The DOL has also granted an exemption from ERISA’s prohibited transactions provisions known as the Best Interest Contract Exemption (“BICE”) which allows financial institutions such as registered investment advisers, broker-dealers and insurance companies that are ERISA fiduciaries by reason of the provision of investment advice to receive compensation that may otherwise give rise to prohibited transactions, in exchange for which such entities must acknowledge their fiduciary status and agree to adhere to certain Impartial Conduct Standards. See 81 FR 21002 (2016). [1]  

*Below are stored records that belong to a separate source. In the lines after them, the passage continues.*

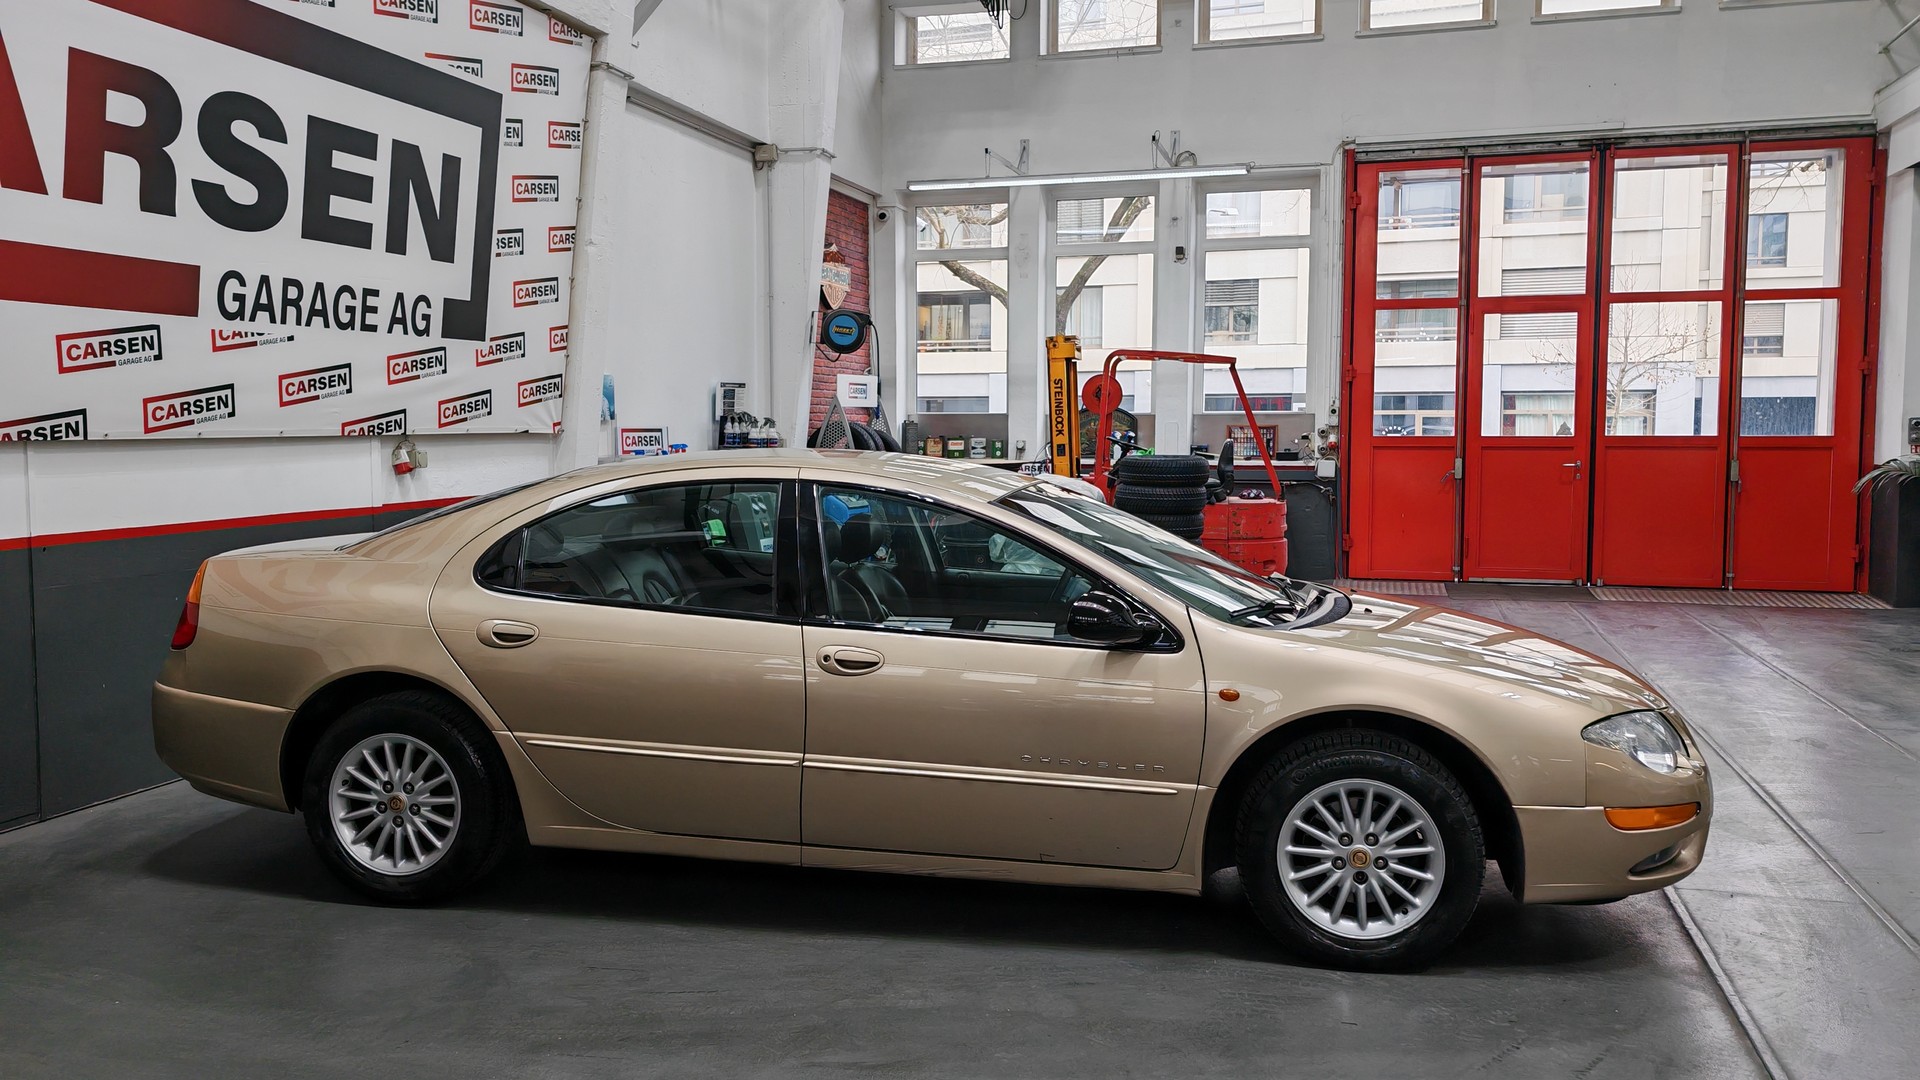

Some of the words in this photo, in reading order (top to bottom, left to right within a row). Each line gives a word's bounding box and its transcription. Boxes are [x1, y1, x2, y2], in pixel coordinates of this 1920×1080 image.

[474, 9, 520, 28] CARSEN
[515, 72, 556, 88] CARSEN
[504, 126, 520, 138] EN
[516, 183, 555, 194] CARSEN
[517, 284, 556, 300] CARSEN
[217, 270, 380, 332] GARAGE
[386, 292, 432, 337] AG
[66, 335, 154, 361] CARSEN
[259, 338, 278, 346] GARAGE
[480, 340, 522, 358] CARSEN
[118, 357, 142, 366] GARAGE
[392, 355, 443, 376] CARSEN
[285, 372, 347, 396] CARSEN
[522, 381, 560, 399] CARSEN
[321, 391, 338, 400] GARAGE
[151, 394, 229, 422] CARSEN
[443, 398, 488, 419] CARSEN
[1054, 378, 1064, 436] STEINBOCK
[196, 415, 218, 425] GARAGE
[625, 436, 660, 447] CARSEN
[1021, 754, 1164, 772] CHRYSLER

We set forth below some of the key amendments to Section 2510.3-21 along with a summary of the BICE:

  • A person becomes a fiduciary as the result of rendering investment advice with respect to the assets of a plan or IRA where (A) she provides, “for a fee or other compensation, direct or indirect,” the following types of advice: (i) a recommendation as to “the advisability of acquiring, holding, disposing of, or exchanging, securities or other investment property,” (ii) a recommendation as to “how securities or other investment property should be invested after the securities or other investment property are rolled over, transferred, or distributed from the plan or IRA,” (iii) a recommendation as to “the management of securities or other investment property, including among other things recommendations on investment policies or strategies [and] portfolio composition …,” (iv) a recommendation as to “rollovers, transfers, or distributions from a plan or IRA, including whether, in what amount, in what form, and to what destination such a rollover, transfer, or distribution should be made;” and (B) the recommendation is made directly or indirectly by a person who (i) “represents or acknowledges that it is acting as a fiduciary….,” (ii) renders the advice “pursuant to a written or verbal agreement, arrangement or understanding that the advice is based on the particular investment needs of the advice recipient,” or (iii) “directs the advice to a specific advice recipient or recipients regarding the advisability of a particular investment or management decision with respect to securities or other investment property of the plan or IRA.” (29 U.S.C. § 2510.3-21(a)(1) and (2) (2016)).
  • The term “recommendation” is defined as “a communication that, based on its content, context, and presentation, would reasonably be viewed as a suggestion that the advice recipient engage in or refrain from taking a particular course of action,” with the determination as to whether a recommendation has been made being “an objective rather than subjective inquiry.” (29 U.S.C. § 2510.3-21(b)(1) (2016)).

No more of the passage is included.